■ **DATA FOR THE TASK**

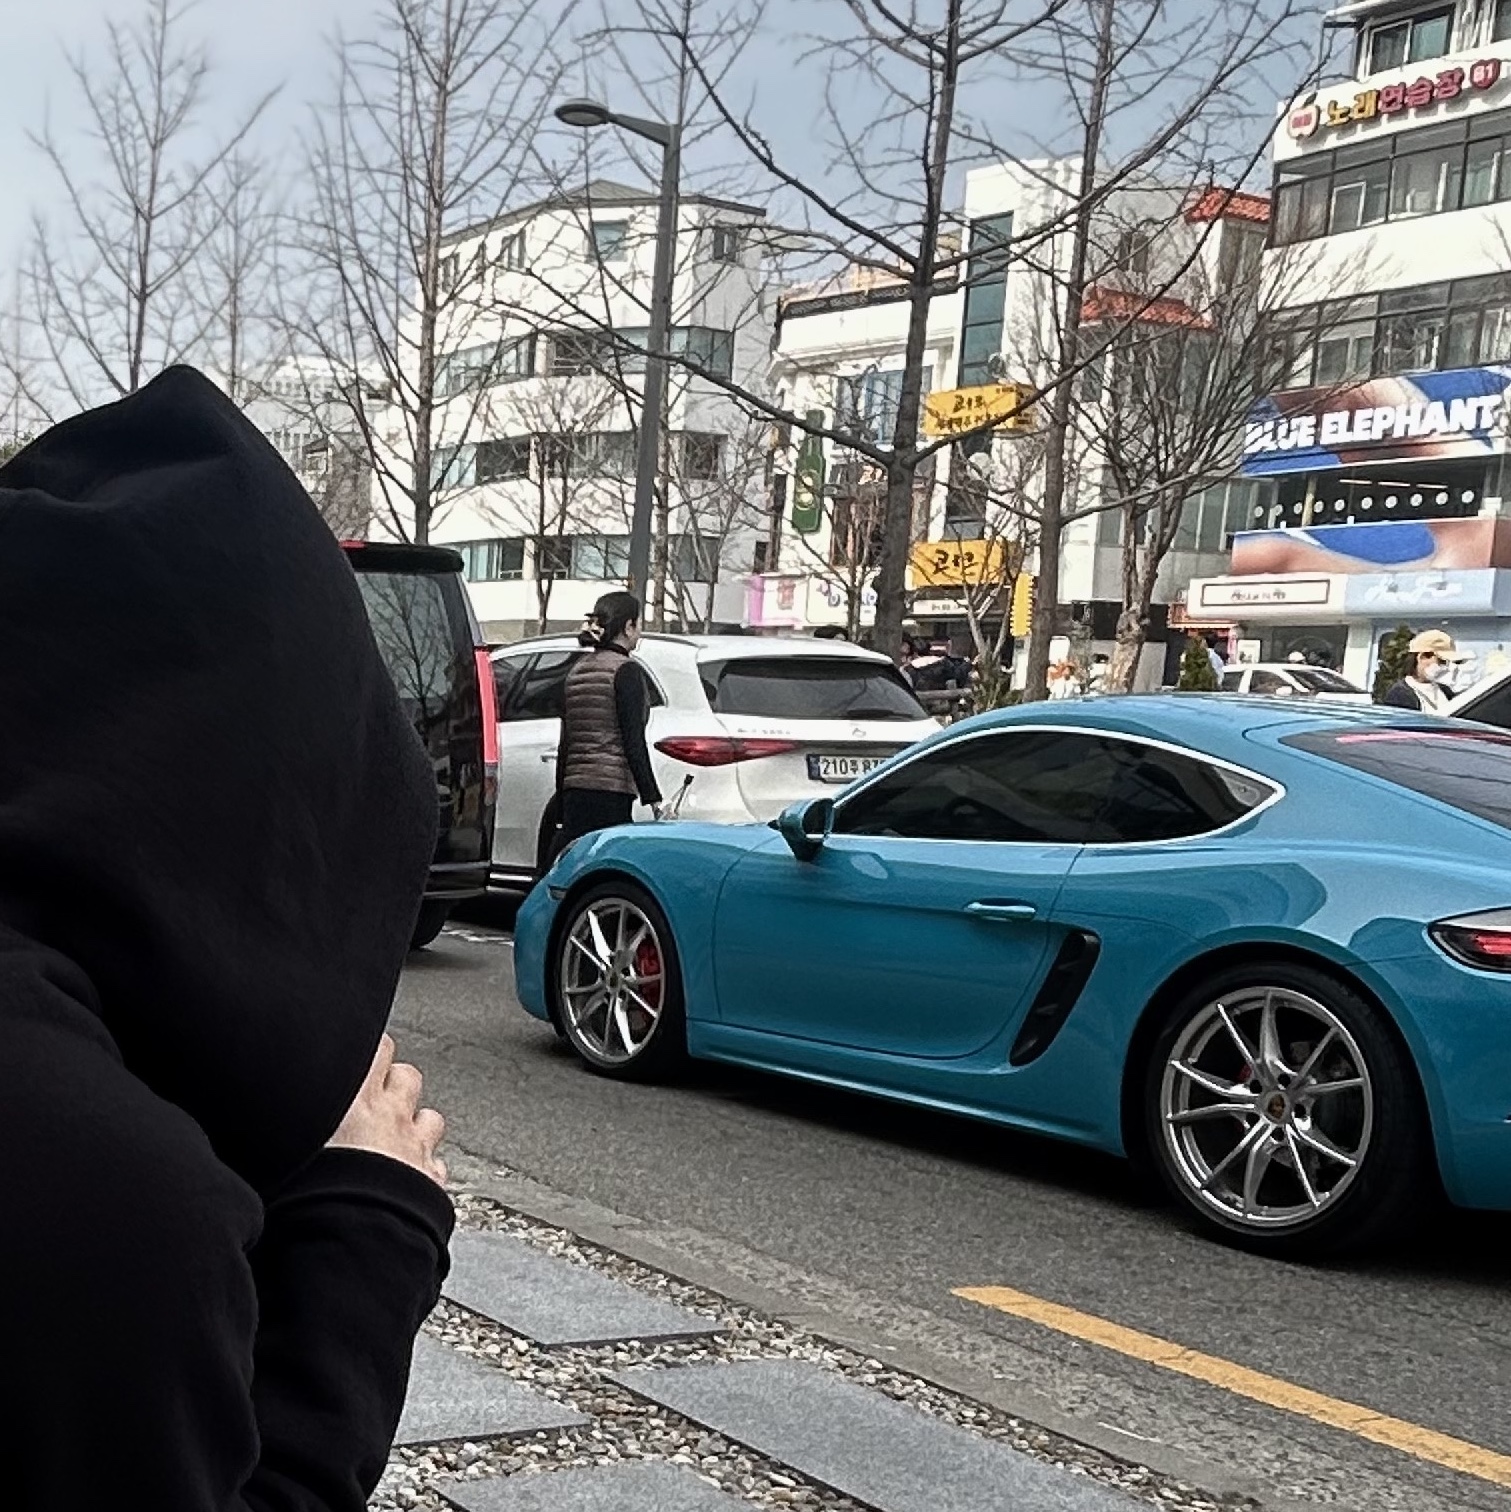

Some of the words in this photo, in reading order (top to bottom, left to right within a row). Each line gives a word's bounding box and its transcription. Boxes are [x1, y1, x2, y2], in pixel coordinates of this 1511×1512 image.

[1326, 67, 1465, 127] 노래연습장
[1244, 416, 1316, 454] BLUE
[1319, 395, 1503, 446] ELEPHANT
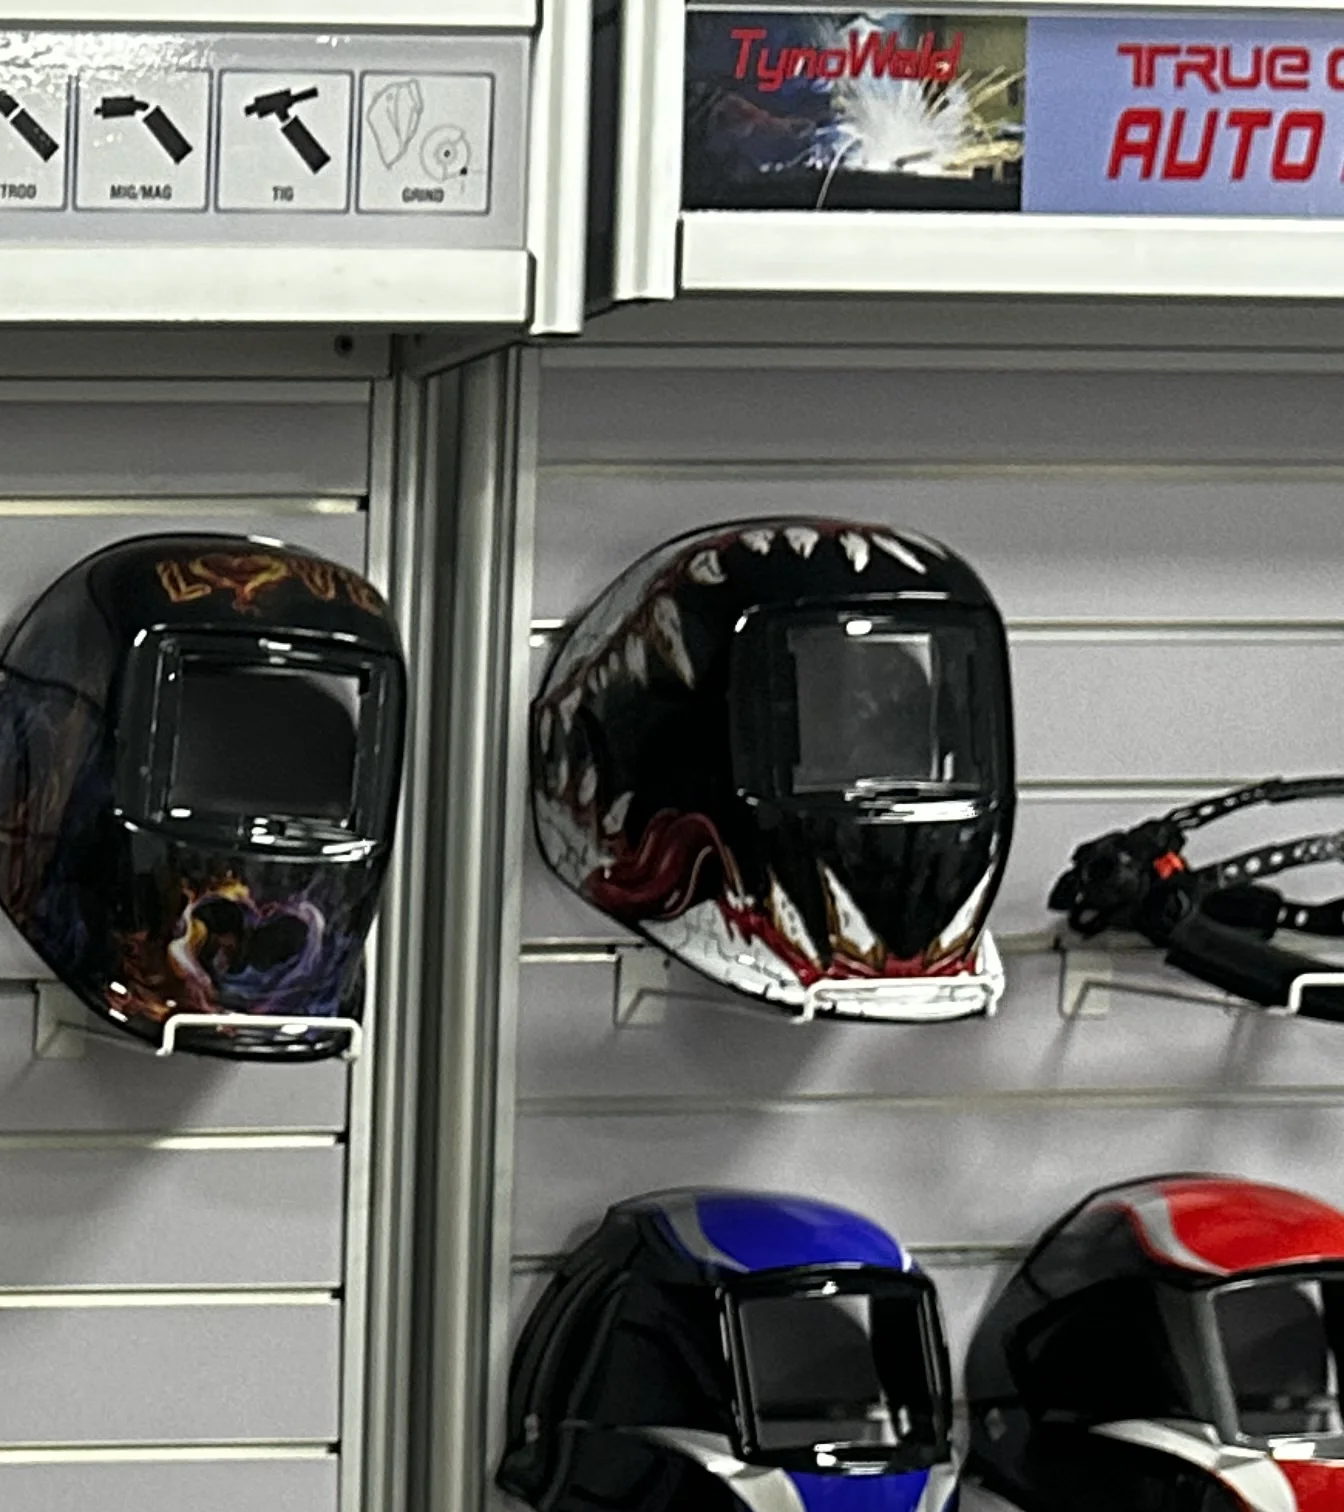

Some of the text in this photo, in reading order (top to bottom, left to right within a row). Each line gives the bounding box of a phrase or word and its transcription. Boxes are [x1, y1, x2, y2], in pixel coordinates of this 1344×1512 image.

■ **WHAT YOU WILL DO**
This exercise needs every entry retyped exactly, with the pictures removed.

■ **ANSWER TO THIS EXERCISE**
Some of the words in this photo, in reading order (top to bottom, left to right within a row). Each line gives a word's bounding box and its transcription. Boxes are [x1, y1, x2, y2], in pixel coordinates of this 1511×1512 image.

[1326, 67, 1465, 127] 노래연습장
[1244, 416, 1316, 454] BLUE
[1319, 395, 1503, 446] ELEPHANT

Some of the text in this photo, in reading order (top to bottom, left to right within a row). Each line gives the bounding box of a phrase or word and its transcription. Boxes are [x1, y1, x2, y2], in pixel coordinates of this 1344×1512 image.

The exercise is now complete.